So a lot of mixed messages.

GROSS: And you mention the pit bulls in this lovely melody.

(Soundbite of laughter)

Ms. McKAY: Yeah.

GROSS: And this is "Manhattan Avenue." Why don't you play it for us?

(Soundbite of song, "Manhattan Avenue")

Ms. McKAY: (Singing) Send a breeze, a pit bull's yelp, a tender squeeze,
a cry for help. Make it now, and make it fast. Such memories can never
last. I long for the days, music and mayhem, mama's a smilin' friend in
the scuzzy hue of the sunlight, Manhattan Avenue.

Lionel please watch o'er our door. The children tease. I beg for more.
Chipping paint, the ceiling's spent, aw ain't it great? Can't make the
rent. I long for the days, kittens are meowling, junkies are prowling
deep in the jazzy hue of the streetlight, Manhattan Avenue.

How wild it is, what strange a vice, that a mugger and a child should
share the same paradise. Oh but dreams come true on Manhattan Avenue.

GROSS: That's Nellie McKay, performing her song "Manhattan Avenue." You
mention a mugger in that last line. Is there a specific mugger that
you're thinking of in that line?

Ms. McKAY: Oh, I am. I am. I want to say hi to my mugger if he's
listening.

(Soundbite of laughter)

Ms. McKAY: I'm sorry. I want to say hello. I want to give a shout-out
because he only spent about, I think, a year in the joint, and then he
got. And he was looking for us, but we were breaking down somewhere in
South Dakota. So he couldn't get us again.

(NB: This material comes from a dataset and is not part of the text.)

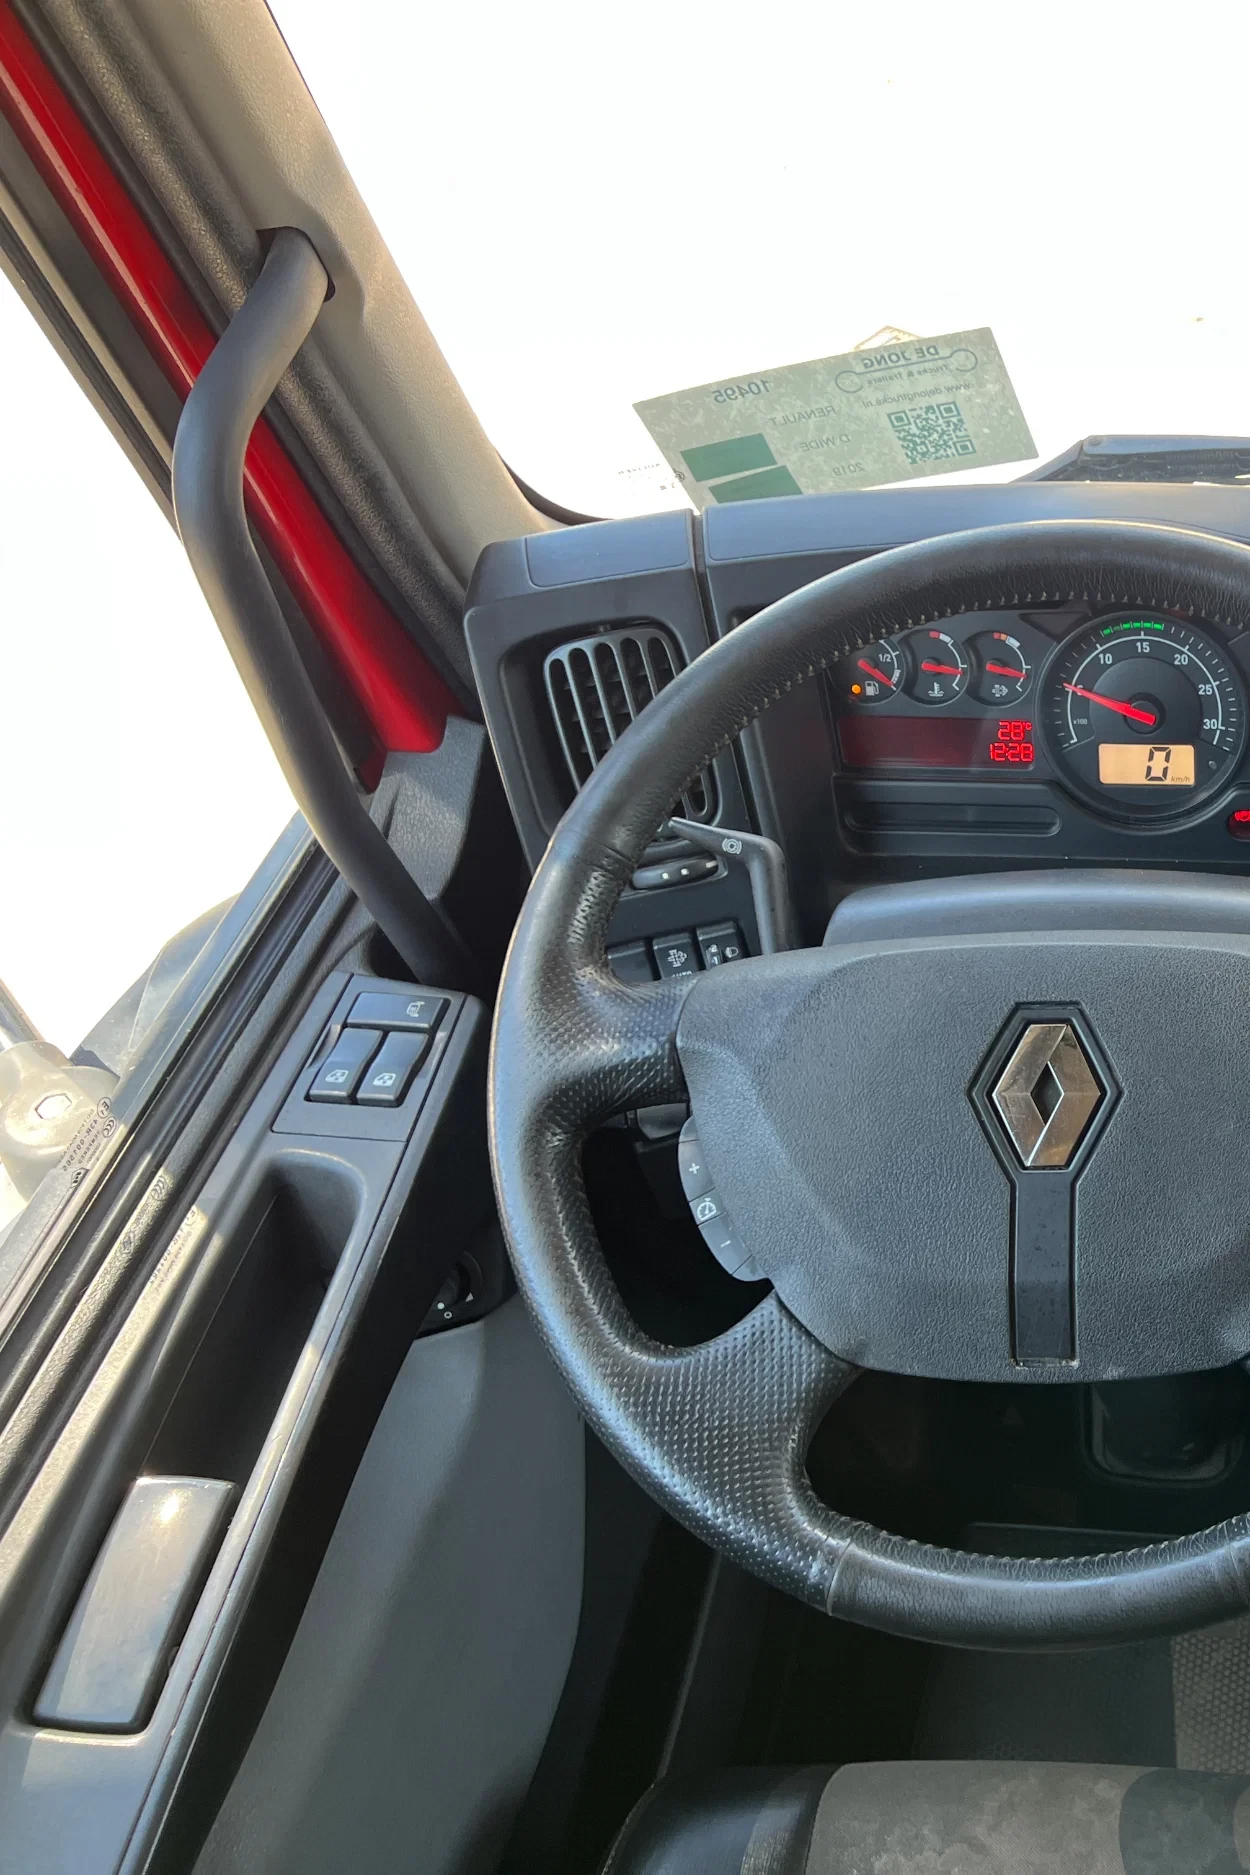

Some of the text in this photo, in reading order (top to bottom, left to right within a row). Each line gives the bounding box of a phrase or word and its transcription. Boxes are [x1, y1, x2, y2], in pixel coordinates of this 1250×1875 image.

Yeah, he came by, and he said give us the beeping money or I'm beep the
kid up, and we just laughed. We thought he was a friend of ours. And
then he kept saying it, and then we figured out oh, he wasn't a friend
of ours. But then my mother being as swift and ruthless as she is, she
didn't even toss him her real wallet. She tossed him her dummy wallet,
and so all he got was two bucks and a couple of bad credit cards that
had no money on them anyway.

And then he took off sauntering down the street, and my mom was yelling
after him: Yeah, you better run, you better run. I don't know if he did
start to run. And then we got him in a lineup. And then we were
beginning to think maybe it's time to leave New York.

GROSS: Your mother carried around a dummy wallet for muggers?

Ms. McKAY: Oh yeah, but I think for those listening, it's probably gone
up from two dollars now.

(Soundbite of laughter)

Ms. McKAY: You should always account for inflation.

BIANCULLI: Nellie McKay, visiting the FRESH AIR studios in 2007. Her new
CD, a collection of standards, is called "Normal as Blueberry Pie: A
Tribute to Doris Day." I'm David Bianculli, and this is FRESH AIR.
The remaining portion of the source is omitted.